I vecchi che io incontro (alcuni sono miei coetanei!!) mi parlano di una sola preoccupazione (oltre la giusta questione delle pensioni): dei giovani, dei loro figli e nipoti, del futuro incerto per questi. Il che significa che politiche, riforme, per i giovani e per l’innovazione sono volute da tutti.

E allora perché i politici non le fanno o non le propongono?

Due ordini di motivi se consideriamo politici “anziani”: o si ritiene che riforme di questo tipo non diano “ritorni elettorali” in tempi consoni alla loro età o sono talmente anziani che non conoscono quali sono le riforme giuste da fare, queste ultime richiedendo un sapere, quello innovativo, che per natura marcia più velocemente di loro.

Personalmente, mi sentirei di scartare il primo motivo: ripeto che una riforma a favore dei giovani riscuoterebbe un enorme successo elettorale, anche tra gli anziani, perché non sono altro che i genitori o i nonni di questi giovani. Converrebbe anche ai politici farla.

Mi sembra più probabile il secondo motivo: politici anziani hanno in mente che una università moderna sia una università simile a quella che conobbero venti-trenta anni fa e che l’innovazione (per esempio rilanciando il business della rete internet) sia simile quella prevalente negli anni novanta piuttosto che quella aggressiva e dinamica prevalente negli Stati Uniti oggi. Il problema è acuito dalla globalizzazione che rende il ritmo dell’innovazione un fattore decisivo di crescita in tempi anche brevi.

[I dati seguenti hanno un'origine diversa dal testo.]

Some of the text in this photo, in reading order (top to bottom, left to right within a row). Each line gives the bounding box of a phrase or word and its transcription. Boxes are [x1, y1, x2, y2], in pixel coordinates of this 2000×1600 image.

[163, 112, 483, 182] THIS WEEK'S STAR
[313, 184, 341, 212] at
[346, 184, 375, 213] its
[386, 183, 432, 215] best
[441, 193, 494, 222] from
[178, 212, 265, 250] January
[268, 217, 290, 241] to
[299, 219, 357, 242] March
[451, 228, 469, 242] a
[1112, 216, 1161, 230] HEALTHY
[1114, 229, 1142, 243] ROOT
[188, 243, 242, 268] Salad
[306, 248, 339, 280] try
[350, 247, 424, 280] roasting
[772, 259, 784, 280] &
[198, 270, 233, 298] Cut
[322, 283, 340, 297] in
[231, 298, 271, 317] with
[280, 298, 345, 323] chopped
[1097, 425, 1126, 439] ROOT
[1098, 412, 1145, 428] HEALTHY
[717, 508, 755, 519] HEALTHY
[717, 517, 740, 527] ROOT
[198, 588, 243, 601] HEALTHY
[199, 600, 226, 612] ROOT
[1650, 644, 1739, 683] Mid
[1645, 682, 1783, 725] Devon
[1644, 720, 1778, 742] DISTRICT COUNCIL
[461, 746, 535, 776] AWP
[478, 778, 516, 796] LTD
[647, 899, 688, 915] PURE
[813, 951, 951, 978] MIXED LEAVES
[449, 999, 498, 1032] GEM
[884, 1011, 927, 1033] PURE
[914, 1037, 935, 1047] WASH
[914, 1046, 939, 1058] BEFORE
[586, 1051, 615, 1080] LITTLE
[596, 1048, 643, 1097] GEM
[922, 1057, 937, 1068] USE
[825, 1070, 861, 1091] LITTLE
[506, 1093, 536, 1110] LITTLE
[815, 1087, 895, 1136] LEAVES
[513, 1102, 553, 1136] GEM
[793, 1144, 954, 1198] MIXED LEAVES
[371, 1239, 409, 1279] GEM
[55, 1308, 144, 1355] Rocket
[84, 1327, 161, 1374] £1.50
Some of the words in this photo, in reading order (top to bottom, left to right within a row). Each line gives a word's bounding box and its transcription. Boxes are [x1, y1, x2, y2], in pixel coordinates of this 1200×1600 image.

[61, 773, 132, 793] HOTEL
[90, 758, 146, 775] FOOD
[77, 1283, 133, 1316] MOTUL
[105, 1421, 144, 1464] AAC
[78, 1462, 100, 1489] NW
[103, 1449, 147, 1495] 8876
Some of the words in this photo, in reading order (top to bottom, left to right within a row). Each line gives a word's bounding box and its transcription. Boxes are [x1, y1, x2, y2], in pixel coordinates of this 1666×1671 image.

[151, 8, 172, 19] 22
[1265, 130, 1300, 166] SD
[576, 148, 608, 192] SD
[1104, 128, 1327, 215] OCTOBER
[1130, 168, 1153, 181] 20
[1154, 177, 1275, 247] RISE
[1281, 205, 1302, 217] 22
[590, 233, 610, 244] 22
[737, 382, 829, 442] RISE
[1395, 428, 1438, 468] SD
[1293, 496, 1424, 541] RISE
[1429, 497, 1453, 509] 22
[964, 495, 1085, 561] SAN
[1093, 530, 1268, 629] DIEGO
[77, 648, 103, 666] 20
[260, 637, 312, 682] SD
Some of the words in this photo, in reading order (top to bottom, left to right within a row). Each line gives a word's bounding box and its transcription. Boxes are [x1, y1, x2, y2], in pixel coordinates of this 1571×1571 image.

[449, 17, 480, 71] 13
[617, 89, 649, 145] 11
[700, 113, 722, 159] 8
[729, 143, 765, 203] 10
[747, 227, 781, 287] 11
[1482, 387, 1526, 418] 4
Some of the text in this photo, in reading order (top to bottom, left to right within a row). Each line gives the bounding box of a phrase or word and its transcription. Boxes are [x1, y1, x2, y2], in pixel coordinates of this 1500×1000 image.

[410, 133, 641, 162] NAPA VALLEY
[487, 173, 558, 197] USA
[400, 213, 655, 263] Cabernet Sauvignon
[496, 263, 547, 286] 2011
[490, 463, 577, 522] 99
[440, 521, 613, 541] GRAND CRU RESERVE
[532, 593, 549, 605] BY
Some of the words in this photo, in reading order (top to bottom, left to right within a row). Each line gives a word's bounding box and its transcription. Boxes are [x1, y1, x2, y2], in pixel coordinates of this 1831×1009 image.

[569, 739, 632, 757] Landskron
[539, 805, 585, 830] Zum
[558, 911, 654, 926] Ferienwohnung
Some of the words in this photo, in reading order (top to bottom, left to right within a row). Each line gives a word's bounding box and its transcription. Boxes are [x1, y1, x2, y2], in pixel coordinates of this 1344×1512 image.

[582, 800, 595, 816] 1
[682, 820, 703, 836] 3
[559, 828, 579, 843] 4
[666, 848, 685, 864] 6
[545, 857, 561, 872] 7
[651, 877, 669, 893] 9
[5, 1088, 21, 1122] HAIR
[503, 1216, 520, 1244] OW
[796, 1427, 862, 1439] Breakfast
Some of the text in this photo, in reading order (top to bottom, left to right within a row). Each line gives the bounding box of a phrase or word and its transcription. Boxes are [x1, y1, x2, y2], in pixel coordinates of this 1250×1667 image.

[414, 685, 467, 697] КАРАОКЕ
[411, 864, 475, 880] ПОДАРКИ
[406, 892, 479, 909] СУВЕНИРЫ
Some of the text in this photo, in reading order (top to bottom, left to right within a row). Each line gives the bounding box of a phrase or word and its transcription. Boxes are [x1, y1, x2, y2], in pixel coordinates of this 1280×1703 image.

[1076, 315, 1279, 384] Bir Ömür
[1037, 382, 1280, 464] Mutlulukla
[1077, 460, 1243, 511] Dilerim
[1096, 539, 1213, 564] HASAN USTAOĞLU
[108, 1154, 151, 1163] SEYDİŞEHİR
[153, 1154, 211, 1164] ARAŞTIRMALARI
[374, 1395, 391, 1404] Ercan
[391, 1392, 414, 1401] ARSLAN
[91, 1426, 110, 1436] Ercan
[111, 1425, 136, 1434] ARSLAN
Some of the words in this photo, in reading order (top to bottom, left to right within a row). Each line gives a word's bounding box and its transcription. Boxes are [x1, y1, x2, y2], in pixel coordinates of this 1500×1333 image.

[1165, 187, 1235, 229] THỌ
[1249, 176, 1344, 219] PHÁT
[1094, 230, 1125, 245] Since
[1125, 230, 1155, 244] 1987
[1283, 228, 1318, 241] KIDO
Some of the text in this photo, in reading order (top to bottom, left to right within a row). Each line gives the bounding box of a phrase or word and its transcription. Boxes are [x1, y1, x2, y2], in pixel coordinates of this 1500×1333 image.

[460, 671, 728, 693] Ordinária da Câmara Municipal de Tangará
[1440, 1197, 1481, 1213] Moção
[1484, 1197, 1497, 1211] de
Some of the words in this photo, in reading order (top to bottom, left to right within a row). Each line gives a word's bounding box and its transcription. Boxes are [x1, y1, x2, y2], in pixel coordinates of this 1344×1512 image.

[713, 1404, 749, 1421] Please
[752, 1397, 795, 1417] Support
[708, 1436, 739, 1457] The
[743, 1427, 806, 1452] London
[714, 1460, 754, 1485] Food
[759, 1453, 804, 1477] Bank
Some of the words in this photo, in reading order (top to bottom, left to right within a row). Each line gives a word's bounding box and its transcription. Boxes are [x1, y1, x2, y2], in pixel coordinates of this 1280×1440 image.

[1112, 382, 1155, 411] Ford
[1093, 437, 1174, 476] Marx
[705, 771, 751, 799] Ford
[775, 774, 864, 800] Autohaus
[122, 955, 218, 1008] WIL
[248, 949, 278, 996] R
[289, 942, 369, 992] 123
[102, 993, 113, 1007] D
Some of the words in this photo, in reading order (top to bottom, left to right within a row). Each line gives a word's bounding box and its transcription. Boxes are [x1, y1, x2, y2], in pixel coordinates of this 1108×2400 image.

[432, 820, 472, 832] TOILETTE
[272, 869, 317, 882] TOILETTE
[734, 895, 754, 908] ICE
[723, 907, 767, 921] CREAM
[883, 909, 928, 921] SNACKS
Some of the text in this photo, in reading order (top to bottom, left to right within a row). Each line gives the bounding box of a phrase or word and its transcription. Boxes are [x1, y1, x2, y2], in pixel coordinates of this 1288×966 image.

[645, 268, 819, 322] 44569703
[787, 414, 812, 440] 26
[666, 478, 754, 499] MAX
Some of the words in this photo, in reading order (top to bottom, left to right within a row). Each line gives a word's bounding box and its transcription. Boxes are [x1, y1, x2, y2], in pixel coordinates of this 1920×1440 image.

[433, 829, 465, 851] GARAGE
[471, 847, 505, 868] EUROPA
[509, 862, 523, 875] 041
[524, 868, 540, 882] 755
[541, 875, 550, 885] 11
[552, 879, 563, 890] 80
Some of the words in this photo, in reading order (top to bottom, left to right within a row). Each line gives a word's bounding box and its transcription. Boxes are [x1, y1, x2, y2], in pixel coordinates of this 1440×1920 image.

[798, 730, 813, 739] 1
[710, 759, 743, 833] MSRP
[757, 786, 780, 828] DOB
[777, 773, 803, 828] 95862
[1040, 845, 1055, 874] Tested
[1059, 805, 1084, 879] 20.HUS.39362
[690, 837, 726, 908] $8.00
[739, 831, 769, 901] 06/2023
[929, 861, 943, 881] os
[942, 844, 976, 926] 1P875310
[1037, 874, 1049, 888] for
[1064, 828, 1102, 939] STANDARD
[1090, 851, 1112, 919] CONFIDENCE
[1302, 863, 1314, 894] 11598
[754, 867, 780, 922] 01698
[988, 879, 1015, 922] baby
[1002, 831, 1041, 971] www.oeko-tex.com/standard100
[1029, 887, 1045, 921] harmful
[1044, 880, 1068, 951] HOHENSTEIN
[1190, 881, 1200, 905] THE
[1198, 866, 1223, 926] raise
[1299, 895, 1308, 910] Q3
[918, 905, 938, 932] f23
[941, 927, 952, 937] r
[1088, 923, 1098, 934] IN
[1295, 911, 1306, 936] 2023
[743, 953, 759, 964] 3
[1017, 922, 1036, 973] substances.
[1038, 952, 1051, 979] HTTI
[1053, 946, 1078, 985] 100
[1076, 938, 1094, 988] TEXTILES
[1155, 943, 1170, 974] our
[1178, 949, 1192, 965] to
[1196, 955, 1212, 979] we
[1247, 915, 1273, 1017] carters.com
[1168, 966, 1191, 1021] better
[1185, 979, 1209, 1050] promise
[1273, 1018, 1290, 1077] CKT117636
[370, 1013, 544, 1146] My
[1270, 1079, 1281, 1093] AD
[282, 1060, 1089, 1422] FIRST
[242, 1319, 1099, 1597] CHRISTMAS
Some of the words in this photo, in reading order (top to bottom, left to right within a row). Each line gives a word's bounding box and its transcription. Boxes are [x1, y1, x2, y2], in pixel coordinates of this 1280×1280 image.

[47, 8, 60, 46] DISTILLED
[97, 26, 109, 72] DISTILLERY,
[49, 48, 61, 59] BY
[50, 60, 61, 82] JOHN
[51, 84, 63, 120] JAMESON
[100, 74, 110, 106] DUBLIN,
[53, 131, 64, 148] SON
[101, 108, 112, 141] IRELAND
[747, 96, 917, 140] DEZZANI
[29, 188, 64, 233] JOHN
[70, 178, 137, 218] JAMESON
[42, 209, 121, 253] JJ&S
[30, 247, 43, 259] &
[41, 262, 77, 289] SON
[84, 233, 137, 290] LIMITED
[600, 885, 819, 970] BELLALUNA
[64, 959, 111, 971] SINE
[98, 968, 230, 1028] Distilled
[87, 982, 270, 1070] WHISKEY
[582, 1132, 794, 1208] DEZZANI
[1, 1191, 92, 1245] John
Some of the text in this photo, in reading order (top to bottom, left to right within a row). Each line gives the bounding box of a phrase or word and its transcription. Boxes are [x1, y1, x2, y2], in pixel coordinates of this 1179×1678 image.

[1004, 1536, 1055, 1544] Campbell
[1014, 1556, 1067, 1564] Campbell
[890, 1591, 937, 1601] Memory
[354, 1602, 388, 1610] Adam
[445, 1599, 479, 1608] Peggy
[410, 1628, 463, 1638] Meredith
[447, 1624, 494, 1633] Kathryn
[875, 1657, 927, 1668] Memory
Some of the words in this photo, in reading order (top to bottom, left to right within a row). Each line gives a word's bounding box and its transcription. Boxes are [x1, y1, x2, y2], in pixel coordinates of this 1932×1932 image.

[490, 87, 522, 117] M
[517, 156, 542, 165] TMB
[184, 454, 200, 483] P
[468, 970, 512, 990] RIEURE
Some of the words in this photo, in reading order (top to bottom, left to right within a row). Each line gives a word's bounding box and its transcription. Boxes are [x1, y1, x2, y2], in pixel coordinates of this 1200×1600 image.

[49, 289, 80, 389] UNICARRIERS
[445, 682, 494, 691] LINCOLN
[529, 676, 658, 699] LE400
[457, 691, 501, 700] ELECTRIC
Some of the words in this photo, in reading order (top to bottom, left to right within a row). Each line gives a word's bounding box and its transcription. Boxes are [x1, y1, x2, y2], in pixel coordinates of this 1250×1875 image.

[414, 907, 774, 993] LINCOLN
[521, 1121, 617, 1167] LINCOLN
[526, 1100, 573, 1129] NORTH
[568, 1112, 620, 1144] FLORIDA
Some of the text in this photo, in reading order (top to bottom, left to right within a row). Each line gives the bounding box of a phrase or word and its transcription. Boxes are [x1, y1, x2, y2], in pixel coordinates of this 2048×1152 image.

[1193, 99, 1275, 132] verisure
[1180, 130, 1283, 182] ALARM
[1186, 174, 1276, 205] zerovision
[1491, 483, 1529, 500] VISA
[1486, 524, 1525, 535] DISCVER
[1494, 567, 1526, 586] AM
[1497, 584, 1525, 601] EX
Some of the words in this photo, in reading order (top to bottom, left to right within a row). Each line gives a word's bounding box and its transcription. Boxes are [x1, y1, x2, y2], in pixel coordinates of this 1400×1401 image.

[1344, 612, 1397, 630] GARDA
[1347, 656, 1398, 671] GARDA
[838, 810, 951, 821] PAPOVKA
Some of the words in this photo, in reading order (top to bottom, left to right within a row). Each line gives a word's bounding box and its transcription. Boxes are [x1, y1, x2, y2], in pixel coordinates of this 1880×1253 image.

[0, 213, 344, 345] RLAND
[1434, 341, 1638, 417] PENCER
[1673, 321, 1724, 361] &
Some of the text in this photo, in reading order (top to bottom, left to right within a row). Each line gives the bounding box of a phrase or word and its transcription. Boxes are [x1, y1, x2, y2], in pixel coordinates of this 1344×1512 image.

Non trattasi di rivoluzione, trattasi di discriminazione. Richiede “quote lattanti” in politica: persone che sappiano parlare il linguaggio delle imprese di oggi e che conoscano il mondo dei giovani di oggi. Persone ben più giovani di me. Magari noi possiamo guidarli con sapienza (se l’abbiamo) e aiutarli grazie alla nostra maggiore capacità di negoziare con le controparti politiche europee e mondiali nella prima fase della loro gestione del potere. Ma di loro al potere, dei loro errori naturali che faranno perché innovano, abbiamo un bisogno mostruoso. Mostruoso.

Diamoci da fare.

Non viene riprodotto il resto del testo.